Is this site on MODX Cloud? If so Cloud support should be able to help you.

7

Luckily it is :slight_smile: Thank you for replying and helping!

8

I have run into this, too. (MODX 2.8.4, PHP 7.4) I am getting this message:

[Fri Jul 01 12:36:30 2022] [error] [vhost: kissfoto.hu] [pid 6164] apache2_util.c(273): [client 31.46.244.124:0] [client 31.46.244.124] ModSecurity: Access denied with code 403 (phase 2).
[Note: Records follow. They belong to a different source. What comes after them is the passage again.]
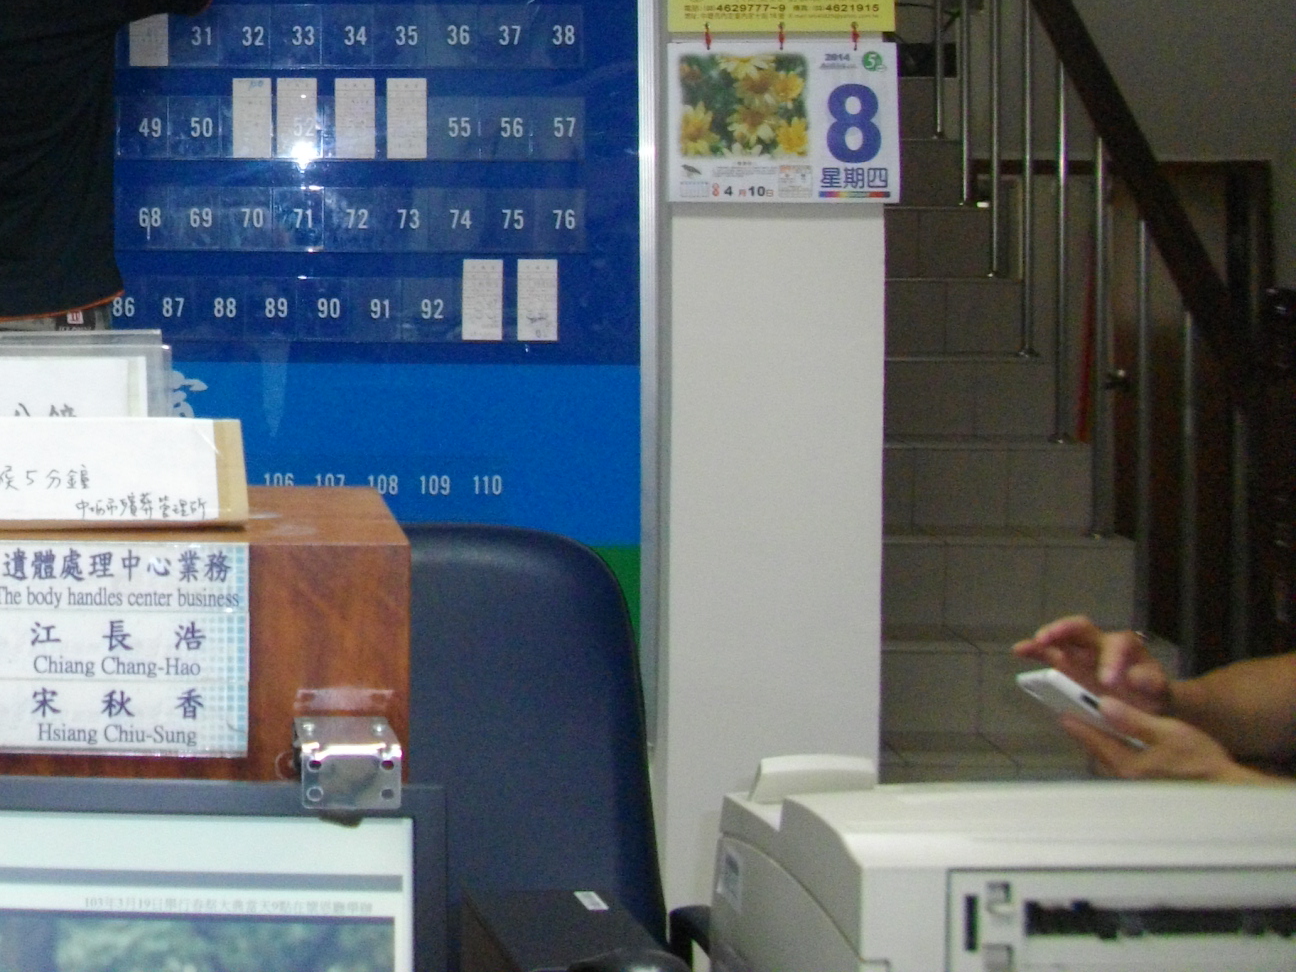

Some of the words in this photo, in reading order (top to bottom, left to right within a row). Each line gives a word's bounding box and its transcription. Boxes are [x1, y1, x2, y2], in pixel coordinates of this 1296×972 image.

[191, 26, 212, 46] 31
[242, 26, 264, 46] 32
[292, 26, 315, 46] 33
[344, 25, 367, 46] 34
[395, 25, 418, 46] 35
[447, 25, 470, 46] 36
[499, 25, 521, 45] 37
[552, 24, 575, 45] 38
[139, 117, 161, 138] 49
[190, 117, 213, 138] 50
[449, 117, 471, 138] 55
[500, 117, 523, 138] 56
[553, 117, 576, 138] 57
[826, 83, 882, 164] 8
[820, 167, 888, 189] 星期四
[139, 207, 161, 228] 68
[190, 207, 212, 228] 69
[241, 208, 264, 228] 70
[294, 208, 313, 228] 71
[346, 208, 369, 229] 72
[398, 209, 420, 229] 73
[450, 209, 472, 229] 74
[502, 209, 524, 229] 75
[553, 209, 576, 229] 76
[112, 297, 135, 317] 86
[162, 297, 185, 318] 87
[213, 298, 237, 318] 88
[265, 297, 288, 318] 89
[317, 298, 340, 318] 90
[370, 298, 390, 319] 91
[421, 299, 444, 319] 92
[367, 474, 399, 495] 108
[419, 475, 450, 496] 109
[473, 474, 502, 496] 110
[3, 547, 232, 583] 遺體處理中心業務
[26, 586, 62, 609] body
[67, 587, 124, 607] handles
[127, 590, 173, 608] center
[178, 588, 241, 608] business
[30, 620, 207, 652] 江長浩
[33, 655, 95, 677] Chiang
[101, 656, 201, 678] Chang-Hao
[30, 687, 206, 721] 宋秋香
[38, 723, 98, 745] Hsiang
[104, 724, 198, 747] Chiu-Sung
Matched phrase "<!--" at ARGS:snippet. [file "/usr/local/cwaf/rules/07_XSS_XSS.conf"] [line "56"] [id "212340"] [rev "4"] [msg "COMODO WAF: Cross-site Scripting (XSS) Attack||kissfoto.hu|F|2"] [data "Matched Data: <!-- found within ARGS:snippet: <!-- Global site tag (gtag.js) - Google Analytics --> <script async src=\\x22https://www.googletagmanager.com/gtag/js?id=G-LBWY61D7XH\\x22></script> <script> window.dataLayer = window.dataLayer || []; function gtag(){dataLayer.push(arguments);} gtag('js', new Date()); gtag('config', 'G-LBWY61D7XH'); </script>"] [severity "CRITICAL"] [tag "CWAF"] [tag "XSS"] [hostname "kissfoto.hu"] [uri "/connectors/index.php"] [unique_id "Yr7OLvgUMDLqsJPQje1XuAAAAA8"]

As you can see in the message, it has a problem with the Google Analytics code I am trying to insert. Any ideas?